This case centers around a dispute over the copyright of a reimagined form of the traditional Yakshagana dance drama, called Yaksha Ranga, developed by Dr. Kota Shivarama Karanth. Dr. Karanth, a renowned cultural figure and former director of the Academy, devised a unique choreographed style and composed several dramatic prasangas or pieces. Before his death, he executed a will transferring all copyrights and literary works to B. Malini Mallya, acknowledging her long-standing personal and scholarly support. When the appellants performed one of the copyrighted prasangas without permission, Mallya sued for copyright infringement. The Supreme Court addressed the distinction between literary and dramatic works under the Copyright Act, 1957. The core issue was whether the copyright bequeathed to the respondent through Dr. Karanth’s will, which referred primarily to “literary works,” also included his choreographed Yakshagana performances, which are dramatic in nature. The Court clarified that while dramatic works can contain literary elements such as dialogue and scripts, they are legally distinct from literary works. Dramatic works specifically encompass performances like choreography and theatrical expression, provided they are fixed in a tangible form. Although the High Court had ruled that dramatic works were a part of literary works and thus covered by the will, the Supreme Court disagreed, holding that the Copyright Act treats them as separate categories. Nevertheless, the Court found that the residuary clause in Dr. Karanth’s will was broad enough to include dramatic works, thereby upholding the respondent’s claim to copyright over the Yakshagana ballets.[17]
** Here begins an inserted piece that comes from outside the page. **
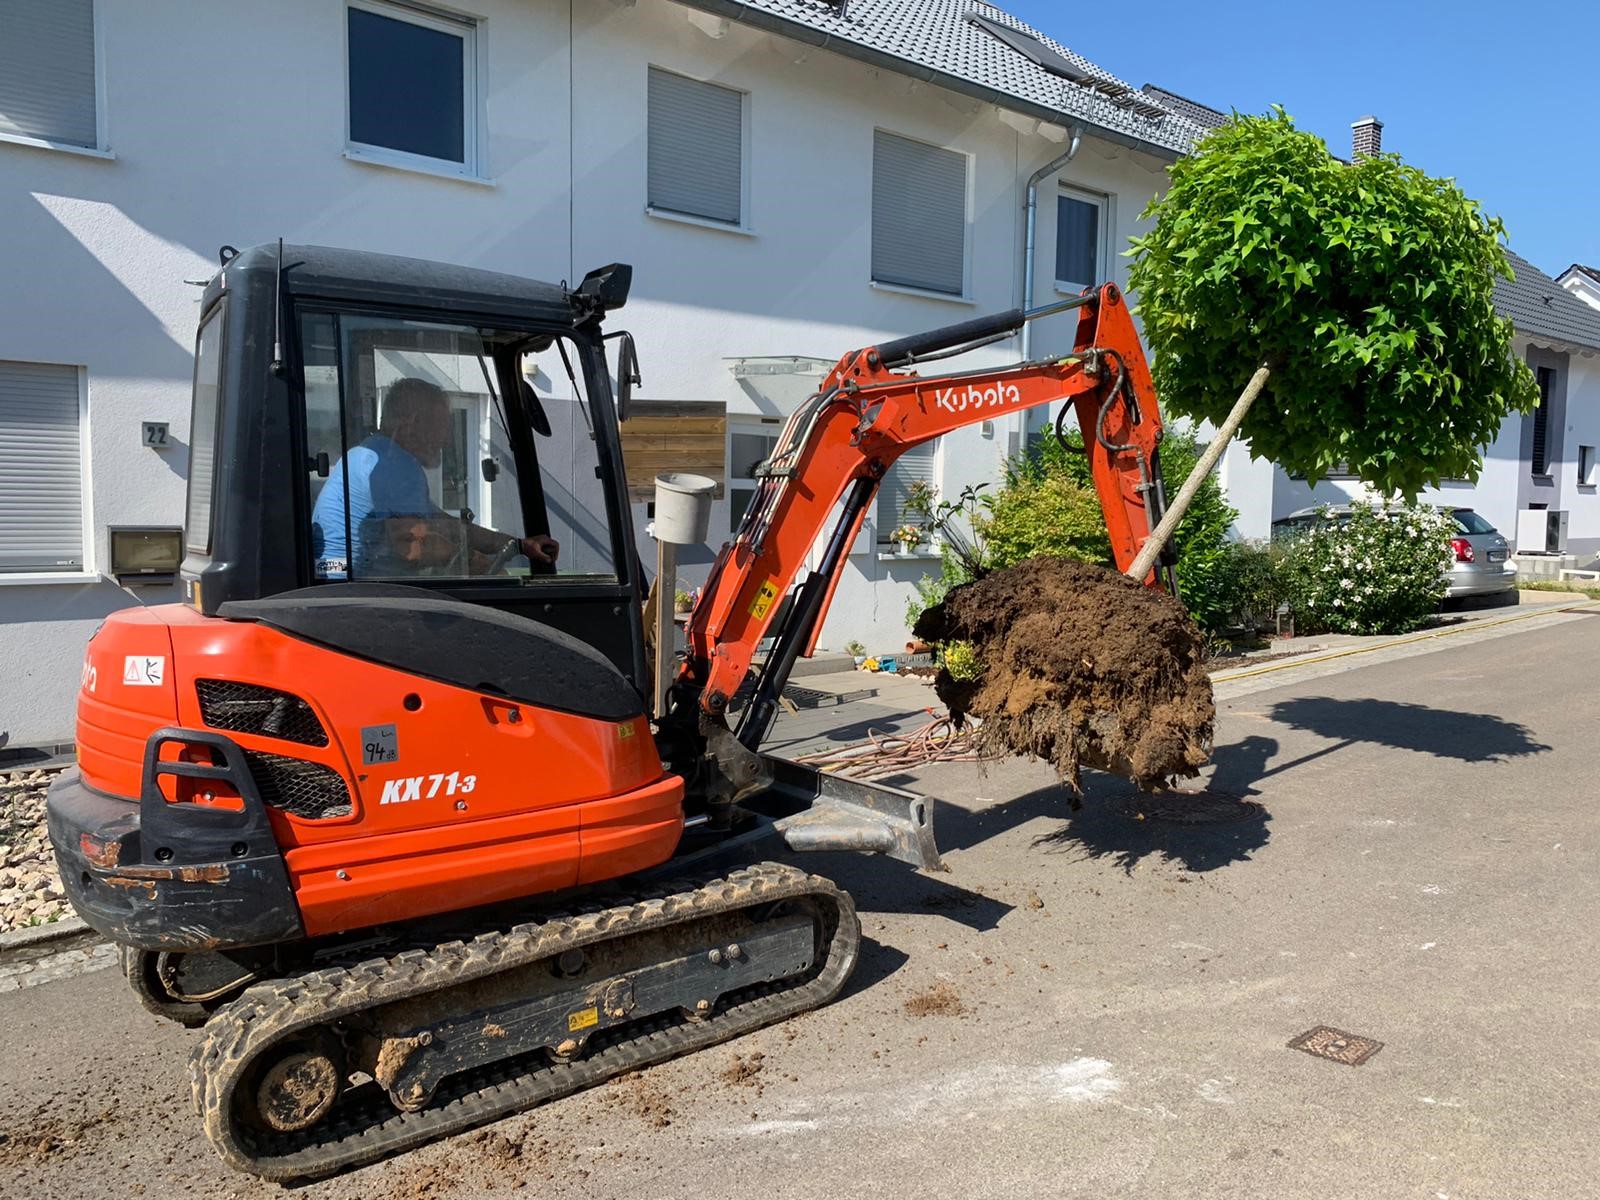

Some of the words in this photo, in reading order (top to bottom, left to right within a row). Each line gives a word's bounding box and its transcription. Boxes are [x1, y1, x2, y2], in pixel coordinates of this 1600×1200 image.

[935, 381, 1020, 413] Kubota
[147, 426, 167, 444] 22
[365, 743, 386, 762] 94
  • Bikram’s Yoga Coll. Of India, L.P. v. Evolation Yoga, LLC, 2015

The United States Court of Appeals for the Ninth Circuit addressed whether Bikram Choudhury’s sequence of twenty-six yoga postures and two breathing exercises promoted as the “Bikram Yoga Sequence”, was eligible for copyright protection. The court held that the Sequence, though described and illustrated in a copyrighted book, constituted an unprotectable idea, method, or system under Section 102(b) of the U.S. Copyright Act. Emphasizing the foundational principle of the idea/expression dichotomy, the court reasoned that copyright law protects only the expression of ideas, not the ideas, processes, or functional systems themselves. It further clarified that the Sequence could not be protected as a “compilation” or a “choreographic work,” since its arrangement was primarily functional and aimed at promoting health and fitness, not at expressing a creative or artistic vision. The court underscored that granting copyright protection to a method of physical movement or a healing system would exceed the constitutional scope of copyright and encroach upon the domain of patent law. This ruling affirms the essential balance between encouraging innovation and preserving public access to ideas, especially in contexts like yoga, where sequences are utilitarian and widely shared cultural practices.[18]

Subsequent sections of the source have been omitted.